If it weren't for her recent flu, Doveton might be flipping out. It's something she accuses herself of doing a lot: "I burned out after a certain point. I flipped out. There's a lot of baloniness that goes on in the New York art scene." Or: "I got pregnant and I kind of flipped out, so I went to New Mexico for a year." But then again, she's a career artist; quick turnaround shows aren't anything to get ruffled over.
Isolarios
Along the edges of Doveton's space, propped against the walls, are abstractions of browns surrounded by deep ocean blue and softer whites, the result of a dialogue about place and home she's carried on with New York artist Olja Stipanovic, a native of Croatia. Doveton is fascinated by Stipanovic's heritage and home; Stipanovic, in turn, is intrigued by Kansas. The two started sending cryptic postcards to one another to define the places they are from.
And then this happened: "This island thing came out of nowhere," said Doveton.
She's a go-with-it painter, a contemporary extension of the Automatists and Surrealists of the last century. "I never know what I'm going to paint," she said. "Frankly, right now I feel kind of over it (the islands), but really I have no control over it."
Doveton works her canvases on the floor, using paint directly from the tube and a palette knife. When the dust settles, she looks over her recent work and her recent inner past: "That's the thing about being a painter. You should make yourself follow whatever you're doing in your life. But I try not to think about it while I'm doing it. I don't like it to get too contrived. But afterward I like to look up the symbolism," she explains.
"An island? Dude, I'm from Kansas!" she said. "But then I can look back and look at the symbolism and figure out all the little corollaries."
Past Event
Opening: Family Portrait," by Clare Doveton
- Sunday, March 16, 2008, 7 p.m. to 9 p.m.
- Bourgeois Pig, 6 E. Ninth, Lawrence
- All ages / Free
Piecing It Together
Figuring it all out takes a little research. "I started spending hours researching maps; I found all these maps of the Mediterranean from the 15th and 16th centuries called Isolarios. They were essentially blank. They only give a vague idea of a shoreline or a vague idea of an island, and no place names. They were left for those going along on the journey to fill in."
Bingo. Doveton's career arc has been a journey: Kansas, New York, San Francisco, New York again. Then she got pregnant, went to New Mexico, had an energetic boy, and found home, this time in good old Lawrence, again.

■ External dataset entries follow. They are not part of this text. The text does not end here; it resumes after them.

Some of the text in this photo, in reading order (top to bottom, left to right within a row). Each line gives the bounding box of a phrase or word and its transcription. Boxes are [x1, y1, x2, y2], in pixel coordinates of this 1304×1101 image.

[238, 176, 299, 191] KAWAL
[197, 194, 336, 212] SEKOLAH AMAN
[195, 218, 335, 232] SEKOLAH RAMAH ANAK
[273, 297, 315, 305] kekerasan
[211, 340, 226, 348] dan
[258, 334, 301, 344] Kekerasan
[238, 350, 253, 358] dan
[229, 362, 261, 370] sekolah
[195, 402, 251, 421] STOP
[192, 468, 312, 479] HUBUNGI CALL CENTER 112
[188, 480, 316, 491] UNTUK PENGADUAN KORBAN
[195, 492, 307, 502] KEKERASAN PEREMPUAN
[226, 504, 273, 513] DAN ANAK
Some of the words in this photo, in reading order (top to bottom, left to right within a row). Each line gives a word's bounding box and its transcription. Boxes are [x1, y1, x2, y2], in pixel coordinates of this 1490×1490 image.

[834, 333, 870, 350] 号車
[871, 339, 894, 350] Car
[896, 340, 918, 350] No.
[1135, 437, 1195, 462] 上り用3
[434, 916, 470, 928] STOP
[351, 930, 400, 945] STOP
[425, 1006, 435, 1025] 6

Of course, that journey came out in paint, too. She calls the series the "Family Portrait," mixed media works on paper that will be featured at the Pig show.
"The weird dynamics that happen when a couple have a baby," she explains. "The arguing and fighting, the self-sacrifice involved with being a mother."

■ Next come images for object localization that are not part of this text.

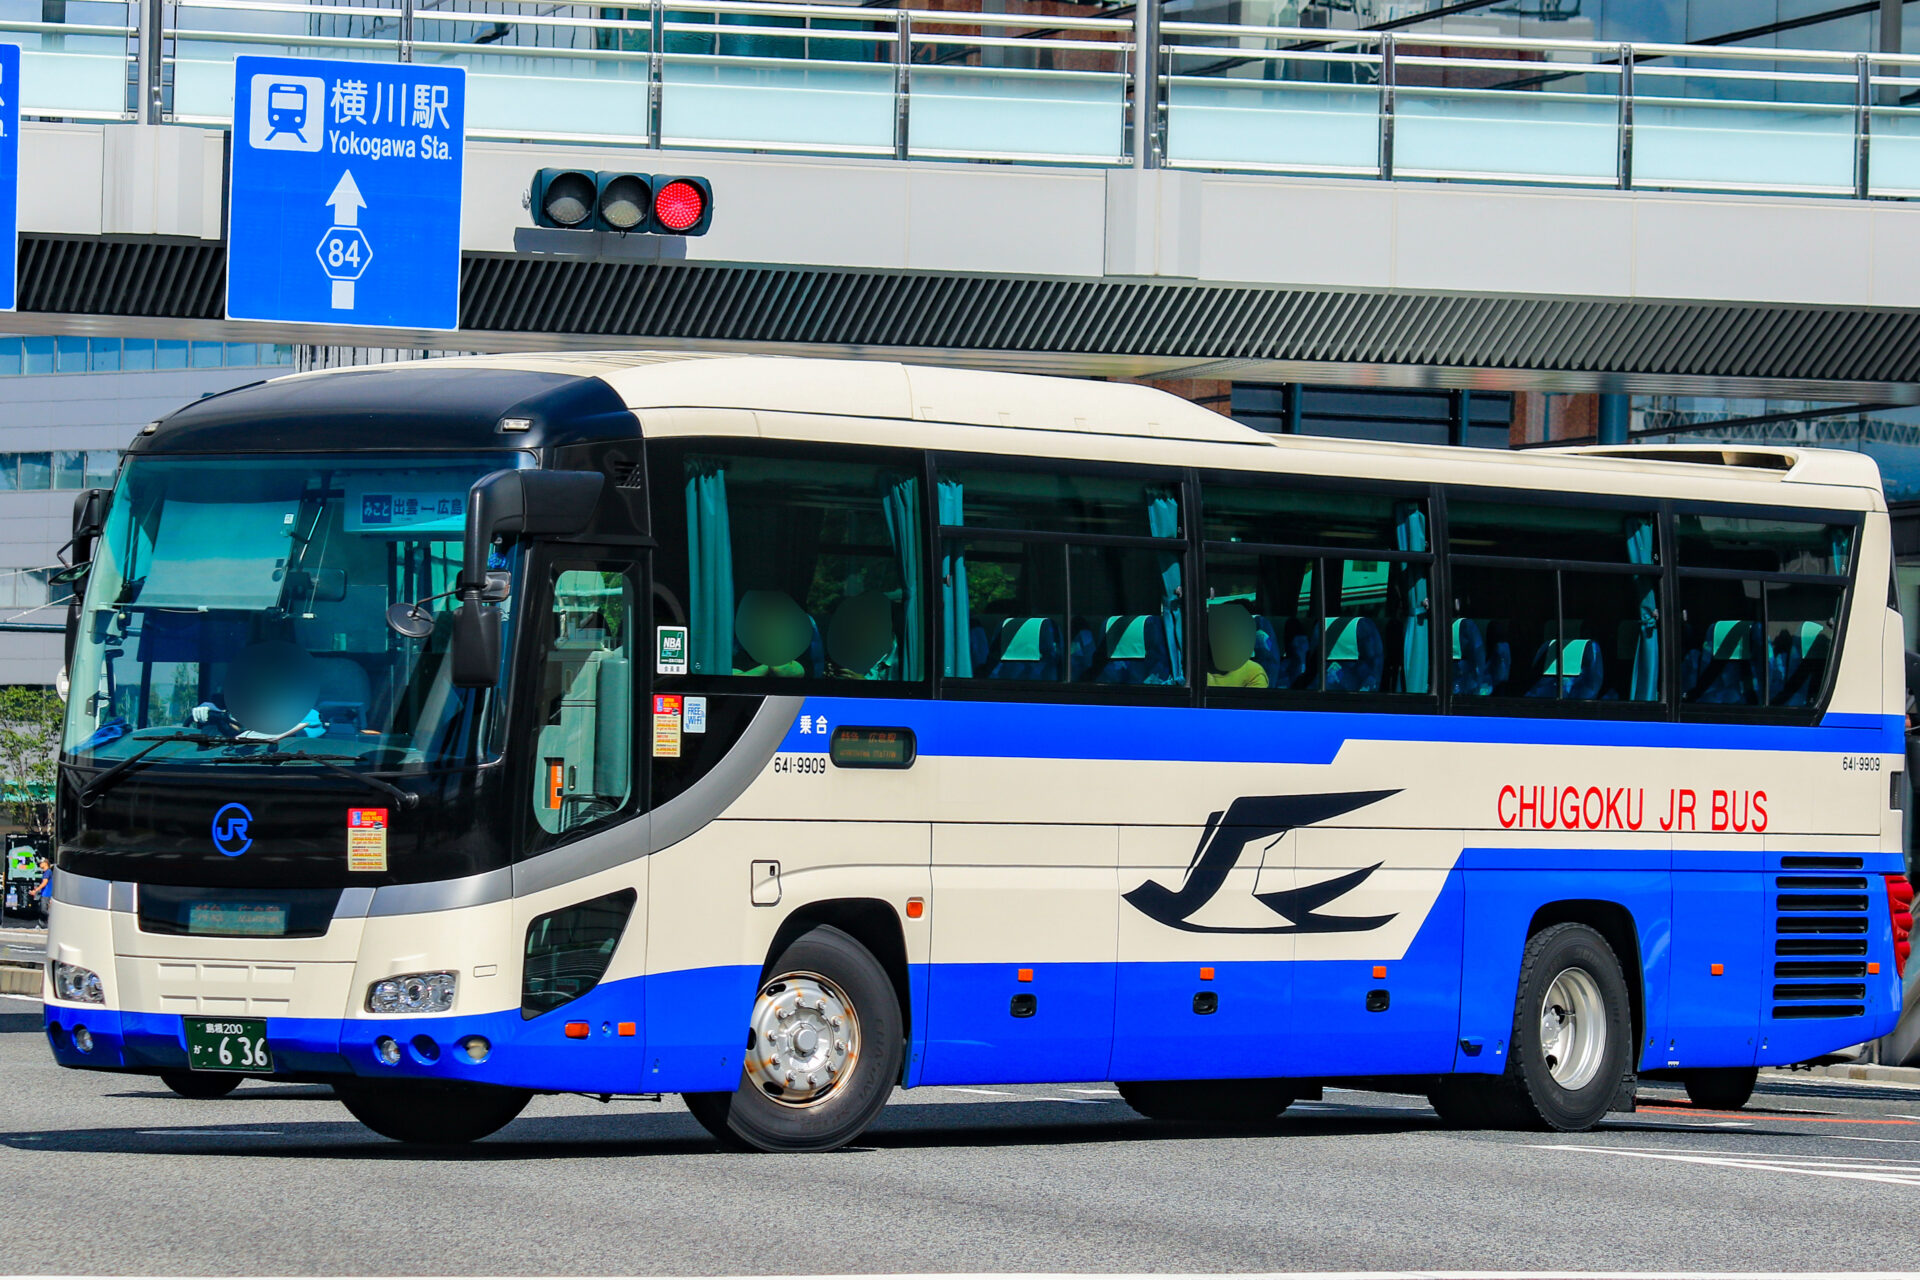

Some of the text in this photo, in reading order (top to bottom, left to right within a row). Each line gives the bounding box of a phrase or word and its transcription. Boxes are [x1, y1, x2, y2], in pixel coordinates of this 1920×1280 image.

[331, 79, 450, 129] 横川駅
[329, 130, 453, 161] Yokogawa Sta.
[328, 238, 361, 268] 84
[393, 498, 418, 516] 出雲
[437, 498, 463, 516] 広島
[663, 637, 682, 650] NBA
[800, 715, 828, 734] 乗合
[774, 756, 826, 774] 641-9909
[1842, 756, 1880, 771] 641-9909
[1498, 785, 1768, 832] CHUGOKU JR BUS

The images are still abstract, open to the viewer's interpretation, but Doveton sees through them. There is one of her and the baby: "Me underwater. I think I felt overwhelmed by everything, drowning underwater, and holding my son up-to be with fishes that apparently fly in the sky!" she laughs. Automatism can be a hoot.
Other strange imagery: "Moving back to Lawrence, there were all these weird smoking alcohol bottles that would be talking to me," she points out in another painting. It's a quirky image that won't be too difficult a stretch to many downtown Lawrence explorers. "This is a good example of how I don't plan anything out," Doveton laughs.
Comments
Nate Poell 15 years ago
I really dig these. They look like portraits of Harvey to me.
Nate Poell 15 years ago
The images in the slideshow, I mean. And by Harvey, I mean the Pooka.